[Saved entries]
*** Begin section ***
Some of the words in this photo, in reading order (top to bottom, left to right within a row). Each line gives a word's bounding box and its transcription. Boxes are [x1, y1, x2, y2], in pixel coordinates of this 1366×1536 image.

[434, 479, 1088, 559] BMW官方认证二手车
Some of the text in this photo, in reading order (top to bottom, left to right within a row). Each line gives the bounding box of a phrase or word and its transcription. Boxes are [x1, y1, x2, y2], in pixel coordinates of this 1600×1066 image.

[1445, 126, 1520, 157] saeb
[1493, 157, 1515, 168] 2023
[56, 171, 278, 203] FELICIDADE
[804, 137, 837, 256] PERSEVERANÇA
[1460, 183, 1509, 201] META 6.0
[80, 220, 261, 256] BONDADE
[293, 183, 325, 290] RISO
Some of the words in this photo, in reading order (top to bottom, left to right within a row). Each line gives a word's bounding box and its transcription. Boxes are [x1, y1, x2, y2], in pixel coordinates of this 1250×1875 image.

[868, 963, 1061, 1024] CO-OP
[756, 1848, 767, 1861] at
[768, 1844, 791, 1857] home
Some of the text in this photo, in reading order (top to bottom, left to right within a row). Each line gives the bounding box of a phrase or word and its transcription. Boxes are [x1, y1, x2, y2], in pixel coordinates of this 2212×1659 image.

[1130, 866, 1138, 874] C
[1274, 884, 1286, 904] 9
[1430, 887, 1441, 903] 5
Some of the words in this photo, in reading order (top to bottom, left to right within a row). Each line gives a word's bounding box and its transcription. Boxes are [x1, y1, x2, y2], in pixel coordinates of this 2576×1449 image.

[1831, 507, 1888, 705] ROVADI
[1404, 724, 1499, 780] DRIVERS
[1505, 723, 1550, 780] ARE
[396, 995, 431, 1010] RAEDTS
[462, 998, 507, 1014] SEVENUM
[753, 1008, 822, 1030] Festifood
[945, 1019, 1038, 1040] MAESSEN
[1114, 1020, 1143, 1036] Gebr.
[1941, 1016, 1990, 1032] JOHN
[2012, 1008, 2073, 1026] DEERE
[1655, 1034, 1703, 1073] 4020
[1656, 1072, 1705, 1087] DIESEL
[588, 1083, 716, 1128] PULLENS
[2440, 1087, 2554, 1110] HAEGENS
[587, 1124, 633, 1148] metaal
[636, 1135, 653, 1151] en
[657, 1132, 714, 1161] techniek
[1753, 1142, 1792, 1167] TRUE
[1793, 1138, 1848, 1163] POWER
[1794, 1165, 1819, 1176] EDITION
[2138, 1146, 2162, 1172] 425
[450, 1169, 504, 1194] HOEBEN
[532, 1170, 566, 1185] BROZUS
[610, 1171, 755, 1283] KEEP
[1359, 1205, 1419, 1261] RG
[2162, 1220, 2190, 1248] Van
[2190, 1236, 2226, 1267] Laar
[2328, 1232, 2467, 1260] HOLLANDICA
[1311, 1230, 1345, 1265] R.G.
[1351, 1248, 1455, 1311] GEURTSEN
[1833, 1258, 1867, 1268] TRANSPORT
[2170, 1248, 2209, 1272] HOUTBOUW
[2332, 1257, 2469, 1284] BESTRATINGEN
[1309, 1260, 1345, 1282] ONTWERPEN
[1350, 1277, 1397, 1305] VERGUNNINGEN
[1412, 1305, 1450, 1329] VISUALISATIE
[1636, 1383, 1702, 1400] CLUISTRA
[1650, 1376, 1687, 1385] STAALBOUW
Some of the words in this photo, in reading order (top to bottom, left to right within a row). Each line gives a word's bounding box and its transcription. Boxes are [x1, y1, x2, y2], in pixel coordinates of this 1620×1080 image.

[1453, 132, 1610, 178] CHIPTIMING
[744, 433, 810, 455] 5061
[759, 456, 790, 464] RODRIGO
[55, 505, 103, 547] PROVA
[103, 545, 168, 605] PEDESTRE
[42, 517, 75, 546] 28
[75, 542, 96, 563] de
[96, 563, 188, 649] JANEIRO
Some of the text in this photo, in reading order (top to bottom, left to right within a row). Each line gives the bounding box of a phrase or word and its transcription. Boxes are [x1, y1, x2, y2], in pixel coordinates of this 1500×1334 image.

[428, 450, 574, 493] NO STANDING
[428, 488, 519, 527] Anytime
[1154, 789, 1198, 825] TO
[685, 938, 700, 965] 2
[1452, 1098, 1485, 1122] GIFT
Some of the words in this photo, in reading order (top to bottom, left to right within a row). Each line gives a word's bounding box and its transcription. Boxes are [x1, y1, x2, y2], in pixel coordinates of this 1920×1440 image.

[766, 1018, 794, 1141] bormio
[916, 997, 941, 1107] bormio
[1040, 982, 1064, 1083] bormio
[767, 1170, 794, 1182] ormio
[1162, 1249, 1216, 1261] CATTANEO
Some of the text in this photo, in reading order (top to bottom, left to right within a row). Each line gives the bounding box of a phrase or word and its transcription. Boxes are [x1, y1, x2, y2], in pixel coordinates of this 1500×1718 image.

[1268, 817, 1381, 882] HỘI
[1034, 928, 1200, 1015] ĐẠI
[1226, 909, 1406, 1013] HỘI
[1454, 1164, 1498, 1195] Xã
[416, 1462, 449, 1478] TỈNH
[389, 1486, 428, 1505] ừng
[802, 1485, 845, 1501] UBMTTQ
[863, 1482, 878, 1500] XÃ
*** End section ***
PROBLEM DESCRIPTION: An exact restatement of all the entries above is needed.

RESULT FOR THIS TASK:
Some of the words in this photo, in reading order (top to bottom, left to right within a row). Each line gives a word's bounding box and its transcription. Boxes are [x1, y1, x2, y2], in pixel coordinates of this 1366×1536 image.

[434, 479, 1088, 559] BMW官方认证二手车
Some of the text in this photo, in reading order (top to bottom, left to right within a row). Each line gives the bounding box of a phrase or word and its transcription. Boxes are [x1, y1, x2, y2], in pixel coordinates of this 1600×1066 image.

[1445, 126, 1520, 157] saeb
[1493, 157, 1515, 168] 2023
[56, 171, 278, 203] FELICIDADE
[804, 137, 837, 256] PERSEVERANÇA
[1460, 183, 1509, 201] META 6.0
[80, 220, 261, 256] BONDADE
[293, 183, 325, 290] RISO
Some of the words in this photo, in reading order (top to bottom, left to right within a row). Each line gives a word's bounding box and its transcription. Boxes are [x1, y1, x2, y2], in pixel coordinates of this 1250×1875 image.

[868, 963, 1061, 1024] CO-OP
[756, 1848, 767, 1861] at
[768, 1844, 791, 1857] home
Some of the text in this photo, in reading order (top to bottom, left to right within a row). Each line gives the bounding box of a phrase or word and its transcription. Boxes are [x1, y1, x2, y2], in pixel coordinates of this 2212×1659 image.

[1130, 866, 1138, 874] C
[1274, 884, 1286, 904] 9
[1430, 887, 1441, 903] 5
Some of the words in this photo, in reading order (top to bottom, left to right within a row). Each line gives a word's bounding box and its transcription. Boxes are [x1, y1, x2, y2], in pixel coordinates of this 2576×1449 image.

[1831, 507, 1888, 705] ROVADI
[1404, 724, 1499, 780] DRIVERS
[1505, 723, 1550, 780] ARE
[396, 995, 431, 1010] RAEDTS
[462, 998, 507, 1014] SEVENUM
[753, 1008, 822, 1030] Festifood
[945, 1019, 1038, 1040] MAESSEN
[1114, 1020, 1143, 1036] Gebr.
[1941, 1016, 1990, 1032] JOHN
[2012, 1008, 2073, 1026] DEERE
[1655, 1034, 1703, 1073] 4020
[1656, 1072, 1705, 1087] DIESEL
[588, 1083, 716, 1128] PULLENS
[2440, 1087, 2554, 1110] HAEGENS
[587, 1124, 633, 1148] metaal
[636, 1135, 653, 1151] en
[657, 1132, 714, 1161] techniek
[1753, 1142, 1792, 1167] TRUE
[1793, 1138, 1848, 1163] POWER
[1794, 1165, 1819, 1176] EDITION
[2138, 1146, 2162, 1172] 425
[450, 1169, 504, 1194] HOEBEN
[532, 1170, 566, 1185] BROZUS
[610, 1171, 755, 1283] KEEP
[1359, 1205, 1419, 1261] RG
[2162, 1220, 2190, 1248] Van
[2190, 1236, 2226, 1267] Laar
[2328, 1232, 2467, 1260] HOLLANDICA
[1311, 1230, 1345, 1265] R.G.
[1351, 1248, 1455, 1311] GEURTSEN
[1833, 1258, 1867, 1268] TRANSPORT
[2170, 1248, 2209, 1272] HOUTBOUW
[2332, 1257, 2469, 1284] BESTRATINGEN
[1309, 1260, 1345, 1282] ONTWERPEN
[1350, 1277, 1397, 1305] VERGUNNINGEN
[1412, 1305, 1450, 1329] VISUALISATIE
[1636, 1383, 1702, 1400] CLUISTRA
[1650, 1376, 1687, 1385] STAALBOUW
Some of the words in this photo, in reading order (top to bottom, left to right within a row). Each line gives a word's bounding box and its transcription. Boxes are [x1, y1, x2, y2], in pixel coordinates of this 1620×1080 image.

[1453, 132, 1610, 178] CHIPTIMING
[744, 433, 810, 455] 5061
[759, 456, 790, 464] RODRIGO
[55, 505, 103, 547] PROVA
[103, 545, 168, 605] PEDESTRE
[42, 517, 75, 546] 28
[75, 542, 96, 563] de
[96, 563, 188, 649] JANEIRO
Some of the text in this photo, in reading order (top to bottom, left to right within a row). Each line gives the bounding box of a phrase or word and its transcription. Boxes are [x1, y1, x2, y2], in pixel coordinates of this 1500×1334 image.

[428, 450, 574, 493] NO STANDING
[428, 488, 519, 527] Anytime
[1154, 789, 1198, 825] TO
[685, 938, 700, 965] 2
[1452, 1098, 1485, 1122] GIFT
Some of the words in this photo, in reading order (top to bottom, left to right within a row). Each line gives a word's bounding box and its transcription. Boxes are [x1, y1, x2, y2], in pixel coordinates of this 1920×1440 image.

[766, 1018, 794, 1141] bormio
[916, 997, 941, 1107] bormio
[1040, 982, 1064, 1083] bormio
[767, 1170, 794, 1182] ormio
[1162, 1249, 1216, 1261] CATTANEO
Some of the text in this photo, in reading order (top to bottom, left to right within a row). Each line gives the bounding box of a phrase or word and its transcription. Boxes are [x1, y1, x2, y2], in pixel coordinates of this 1500×1718 image.

[1268, 817, 1381, 882] HỘI
[1034, 928, 1200, 1015] ĐẠI
[1226, 909, 1406, 1013] HỘI
[1454, 1164, 1498, 1195] Xã
[416, 1462, 449, 1478] TỈNH
[389, 1486, 428, 1505] ừng
[802, 1485, 845, 1501] UBMTTQ
[863, 1482, 878, 1500] XÃ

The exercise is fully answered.